(Entries taken from a collection)
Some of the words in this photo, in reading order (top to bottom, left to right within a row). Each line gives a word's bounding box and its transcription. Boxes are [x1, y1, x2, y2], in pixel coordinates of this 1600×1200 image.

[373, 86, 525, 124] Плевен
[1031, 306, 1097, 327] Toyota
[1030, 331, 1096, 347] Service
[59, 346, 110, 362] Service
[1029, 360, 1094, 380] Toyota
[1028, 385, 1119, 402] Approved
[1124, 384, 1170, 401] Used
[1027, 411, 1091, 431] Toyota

# REQUIRED WORK:
Copy out the records once more. Match them exactly.

# RESPONSE TO THIS EXERCISE:
Some of the words in this photo, in reading order (top to bottom, left to right within a row). Each line gives a word's bounding box and its transcription. Boxes are [x1, y1, x2, y2], in pixel coordinates of this 1600×1200 image.

[373, 86, 525, 124] Плевен
[1031, 306, 1097, 327] Toyota
[1030, 331, 1096, 347] Service
[59, 346, 110, 362] Service
[1029, 360, 1094, 380] Toyota
[1028, 385, 1119, 402] Approved
[1124, 384, 1170, 401] Used
[1027, 411, 1091, 431] Toyota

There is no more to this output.